The position of the splendid old place is superb. From its windows can be obtained a view of the great forest stretching away to the horizon on the left, while to the right is the valley of the Seine, and across the river spread the smiling vineyards with their white walls – the vineyards of Champagne. The house, a long, rambling place with circular towers, has been historical for many centuries. Once the property of Madame La Pompadour, in the days when the splendours of the Palace of Fontainebleau were world-renowned, a latter-day interest also attaches to it, inasmuch as it was the headquarters of the German Crown Prince during the advance of the Prussians upon Paris. Its grounds, sloping down, enclose part of the forest itself; therefore, during the blazing days of August one lives actually in the woods. The forest is an enormous one, and even to-day there still remain many parts unexplored, where the wolf and wild boar retreat in summer, and where even that most ubiquitous forester, the viper-hunter – the man whose profession it is to kill vipers and sell them at the local mairie – has never penetrated. In the whole of the great forest, however, no spot is more charming or more picturesque than that in which the château is situated. It is not a show-place, like Barbison or the Gorges de Franchard, but entirely rural and secluded – on the one side the open valley, on the other the dark forest, where in the tunnel-like alleys the trees meet overhead, and where the shady highroads to the painter colony at Marlotte and to Bois-le-Roi are perfect paradises for the cyclist.
Chantoiseau itself is not a village, not even a hamlet, only a big old-fashioned cottage in which the forest-guards live. Above it, on the high ground beyond, stands the fine old château. Many of those who read my story have driven or cycled in the forest, and many have no doubt given the great old place a passing glance before plunging deep into those leafy glades that lead to Fontainebleau. If when you have driven past you have inquired of your cocher, “Who lives there?” he has probably only shrugged his shoulders and replied: “Servants only. Madame la Princesse, alas! seldom comes,” and you have gone on your way, as many others have done, wondering why such a beautiful old place should be neglected by its owner.
One hot evening at sundown, about three weeks after the President’s ball, I strolled slowly beside the Princess down the hill, entering the forest by that well-kept cross-road which leads by the Carrefour de la Croix de Montmorin straight to the pretty village of Montigny on the Loing.

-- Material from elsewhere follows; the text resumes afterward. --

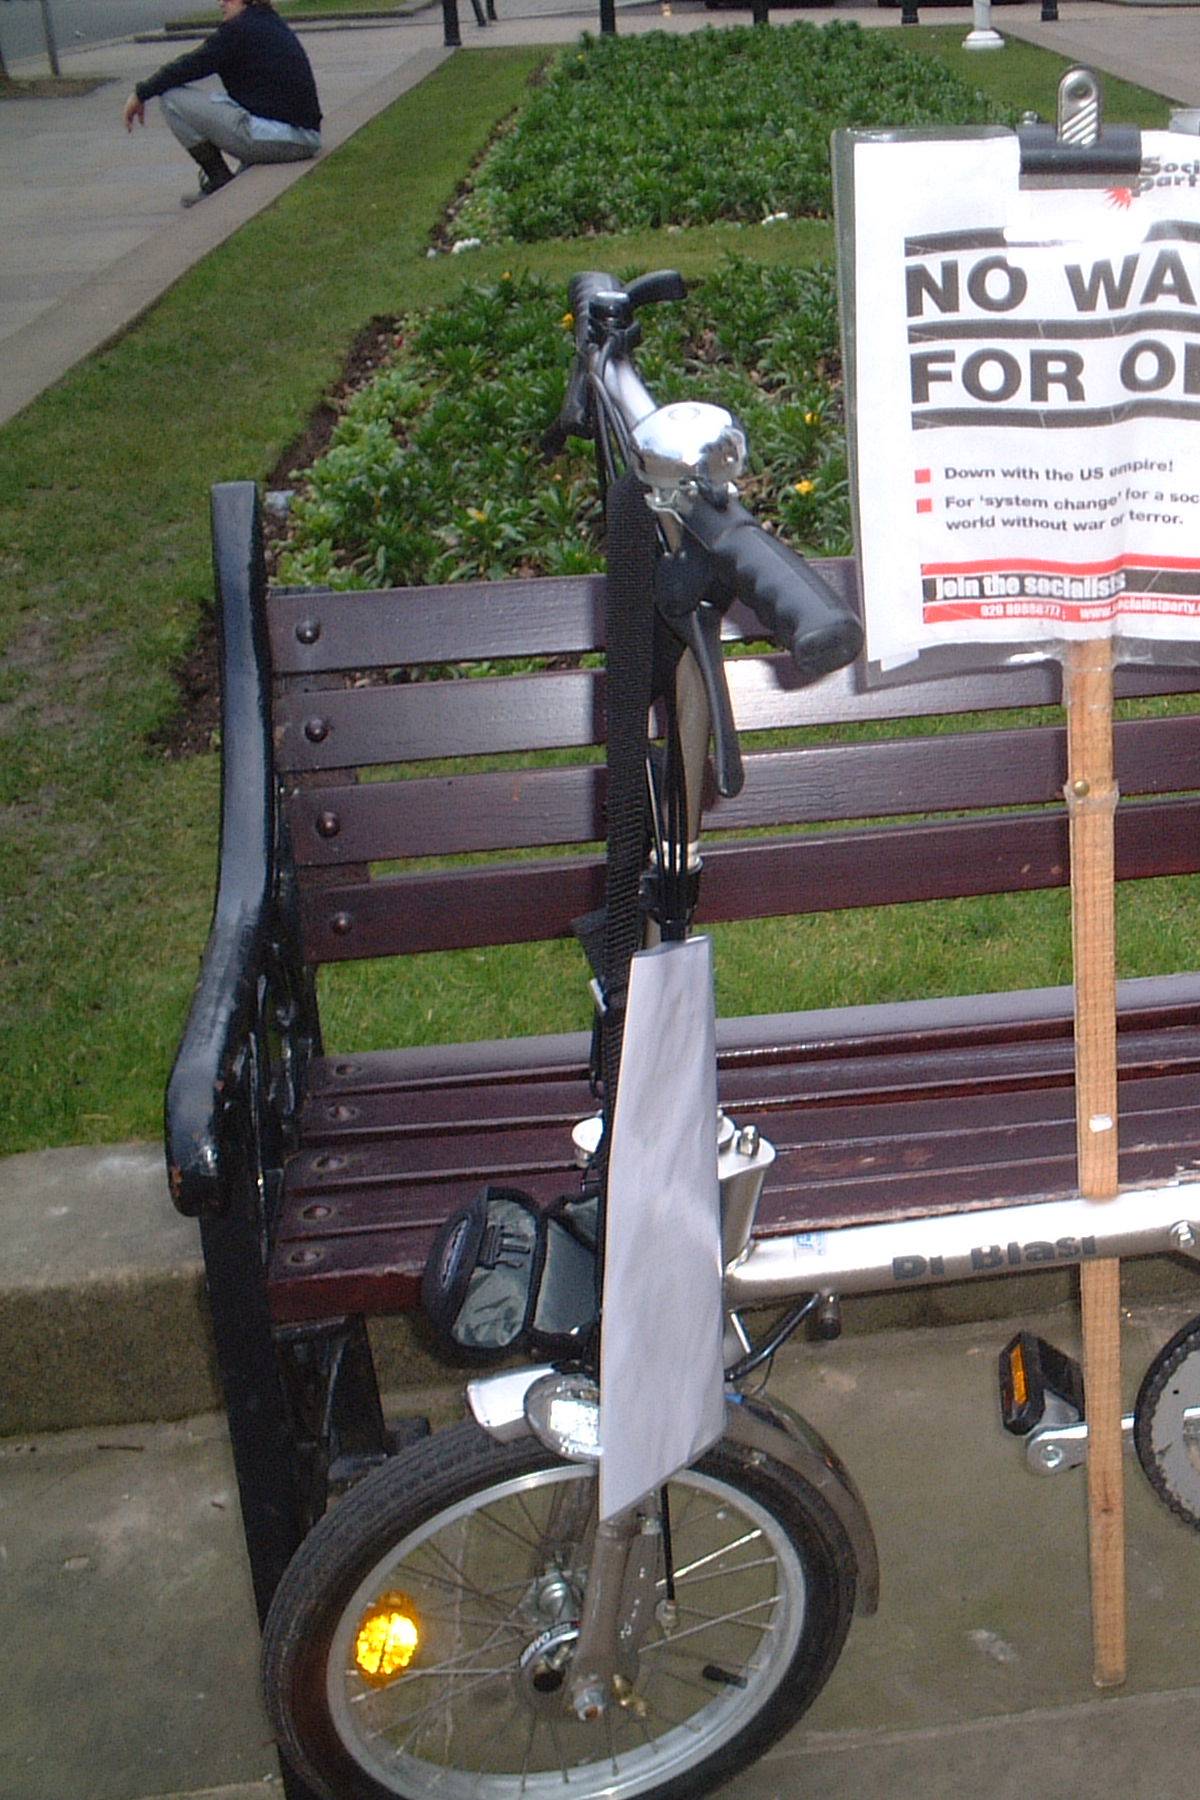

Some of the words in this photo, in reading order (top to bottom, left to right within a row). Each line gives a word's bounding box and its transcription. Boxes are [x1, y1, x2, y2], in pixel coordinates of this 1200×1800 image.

Contrary to expectation, no immediate result had accrued from the mysterious theft of the secret instructions to Lord Barmouth; hence I had obtained leave and accepted my hostess’s invitation, although I was compelled to spend two days each week at the Embassy, going up to Paris in the morning and returning by the six o’clock express from the Gare de Lyon. That some result of the exposure of our policy must certainly make itself felt we knew quite well, but at present the political atmosphere seemed clearer, and by the fact that several of the ambassadors had left Paris considerable confidence had been established. Yet in those sultry August days the war-cloud still hung over Europe and the representative of Her Majesty was compelled, as he ever is, to exercise the greatest tact and the utmost finesse in order to preserve peace with honour. Truly, the office of British Ambassador in Paris is no sinecure, for upon him rests much of the responsibility of England’s position in Europe and her prestige among nations, while to him is entrusted the difficult duty of negotiating amicably with a nation openly and avowedly hostile to British interests and British prosperity.
Those summer days, so sunny, happy, and pleasant, in the forest depths at Chantoiseau, were, nevertheless, perplexing ones for the rulers of Europe. The stifling air was the oppression before the storm. I had more than once chatted in the billiard-room with my fellow guests, the German and Austrian Ambassadors, and both had agreed that the outlook was serious, and that the storm-cloud was upon the political horizon.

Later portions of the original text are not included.